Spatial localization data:
----

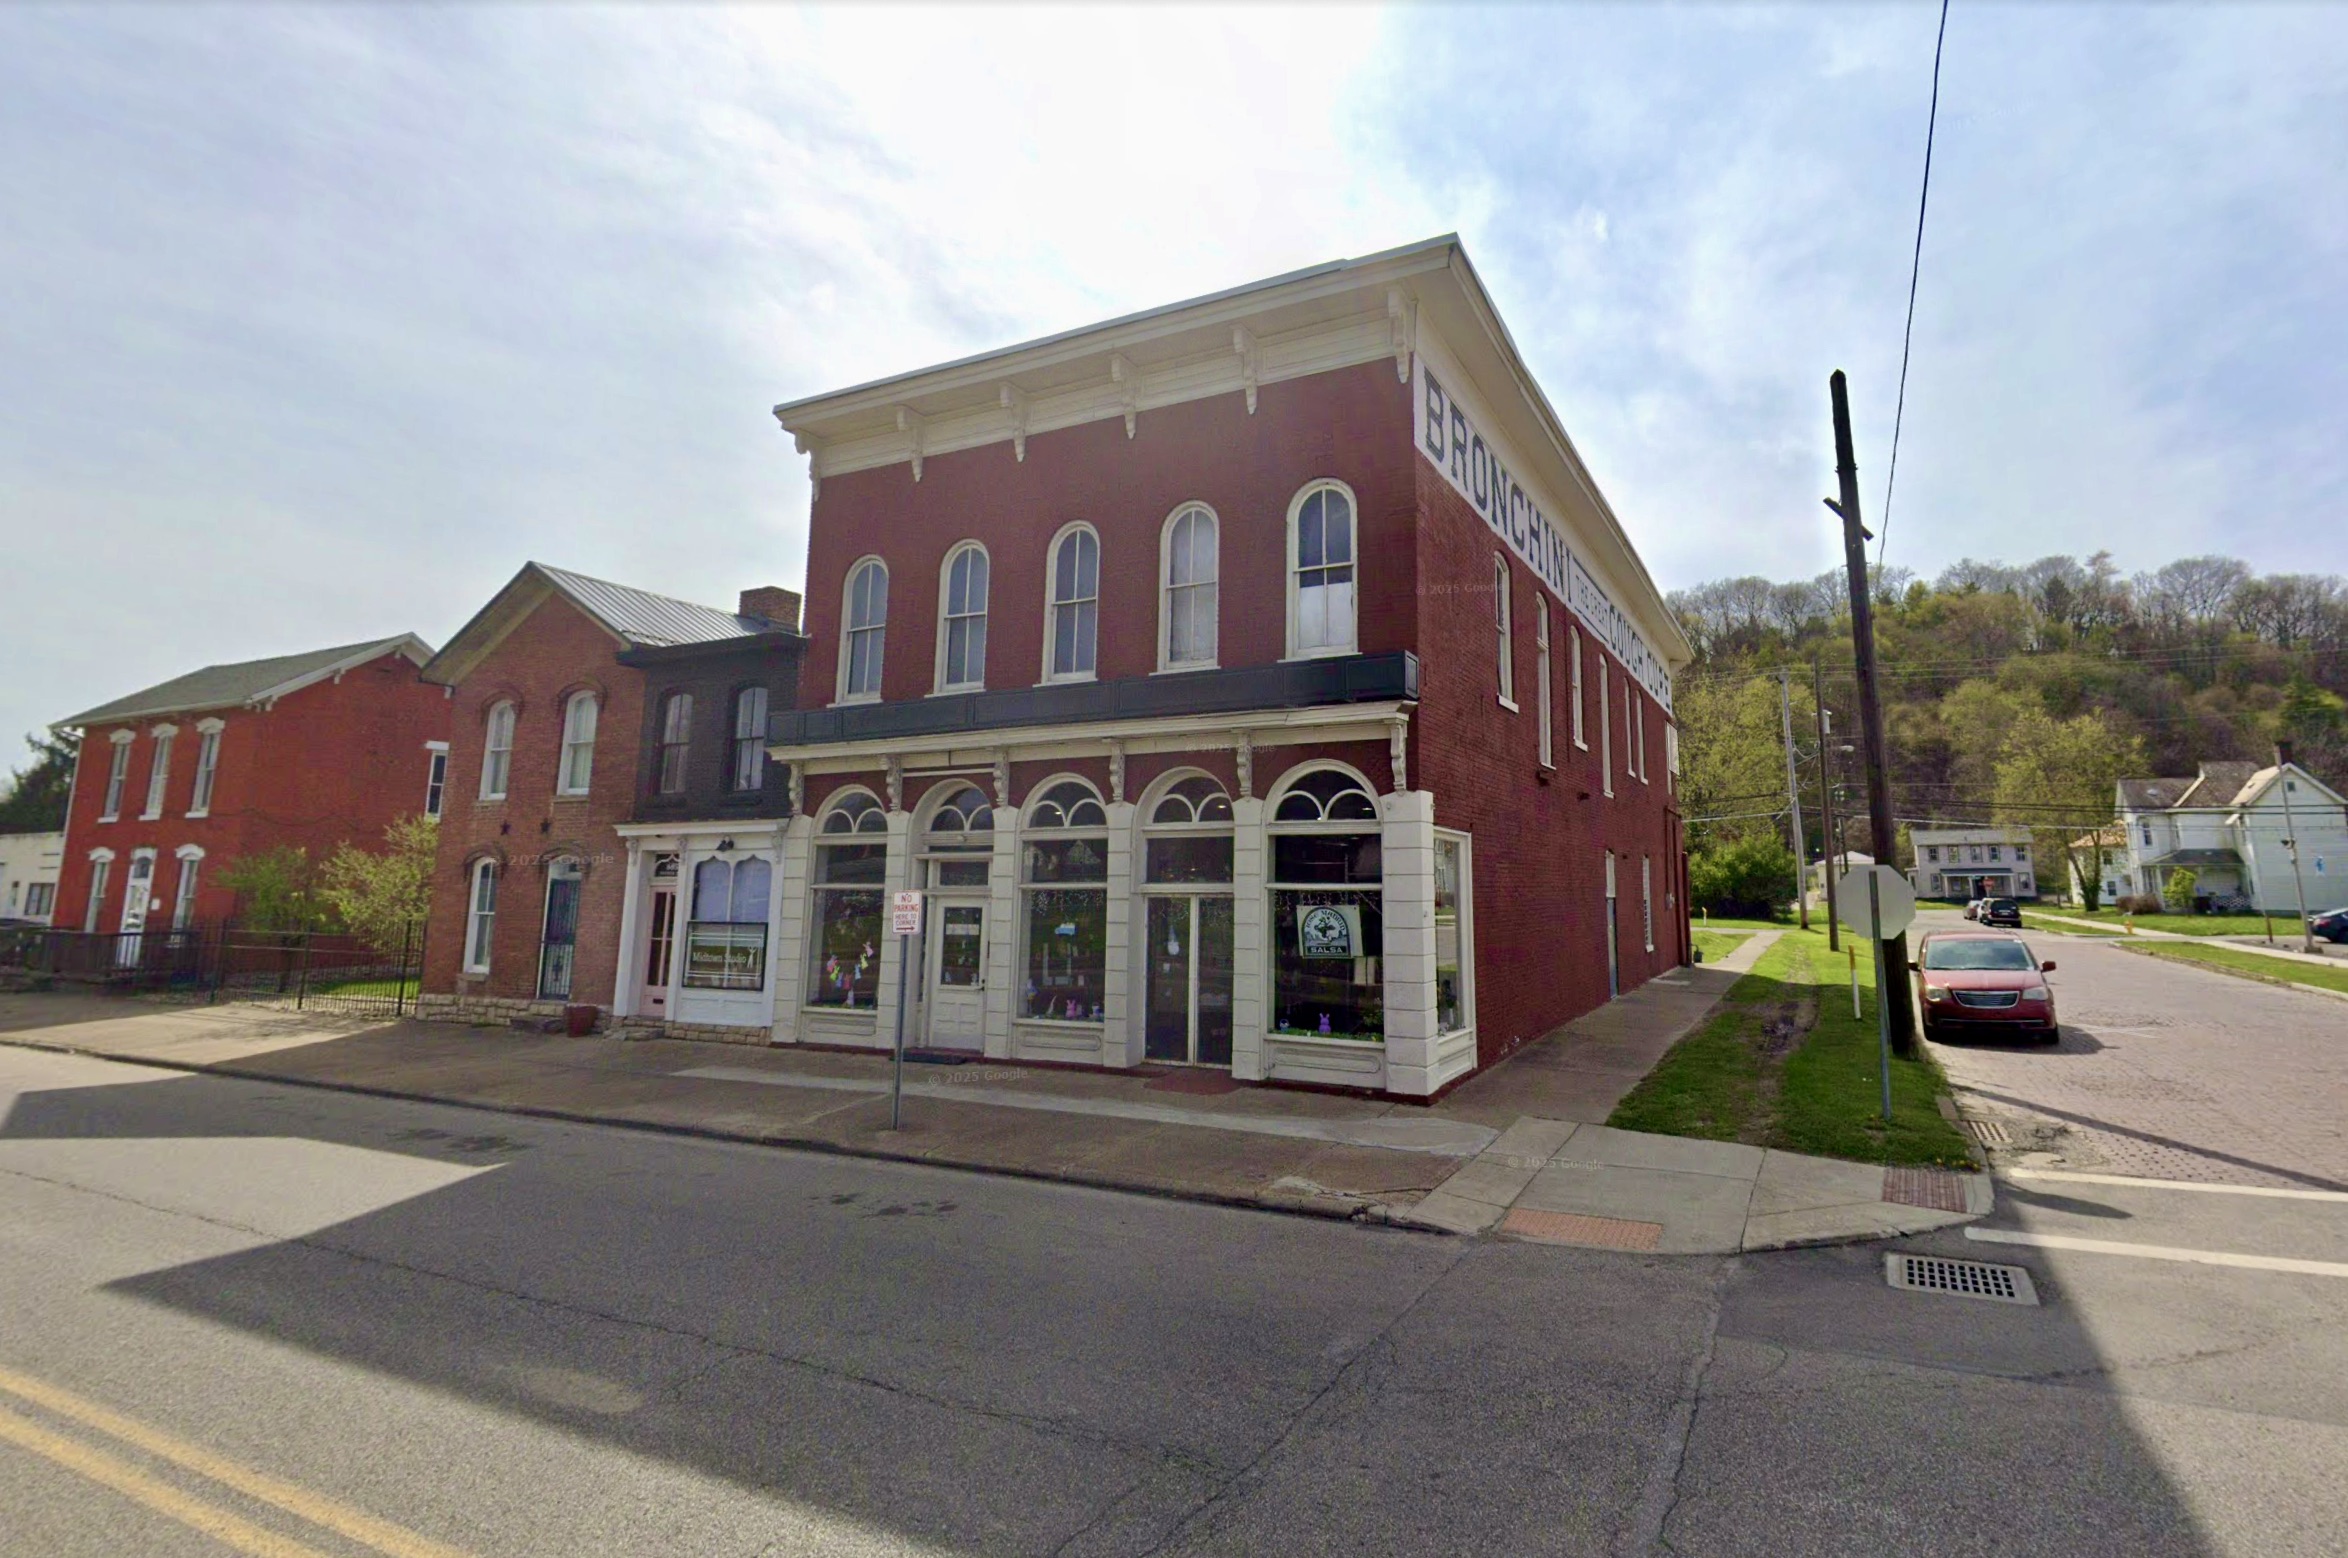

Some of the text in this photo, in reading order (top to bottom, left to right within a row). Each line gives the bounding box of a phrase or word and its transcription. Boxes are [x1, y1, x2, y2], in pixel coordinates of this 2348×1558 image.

[1424, 366, 1572, 604] BRONCHINI
[1576, 575, 1589, 609] THE
[1609, 603, 1643, 682] COUGH
[1647, 650, 1670, 710] CURE
[901, 895, 912, 903] NO
[894, 904, 919, 912] PARKING
[1321, 910, 1346, 931] MADRID
[693, 952, 746, 963] Midtown Studio

----

AIM OF THE EXERCISE: Quote the records in their entirety, keeping the wording exact and excluding pictures.

EXERCISE RESULT:
Some of the text in this photo, in reading order (top to bottom, left to right within a row). Each line gives the bounding box of a phrase or word and its transcription. Boxes are [x1, y1, x2, y2], in pixel coordinates of this 2348×1558 image.

[1424, 366, 1572, 604] BRONCHINI
[1576, 575, 1589, 609] THE
[1609, 603, 1643, 682] COUGH
[1647, 650, 1670, 710] CURE
[901, 895, 912, 903] NO
[894, 904, 919, 912] PARKING
[1321, 910, 1346, 931] MADRID
[693, 952, 746, 963] Midtown Studio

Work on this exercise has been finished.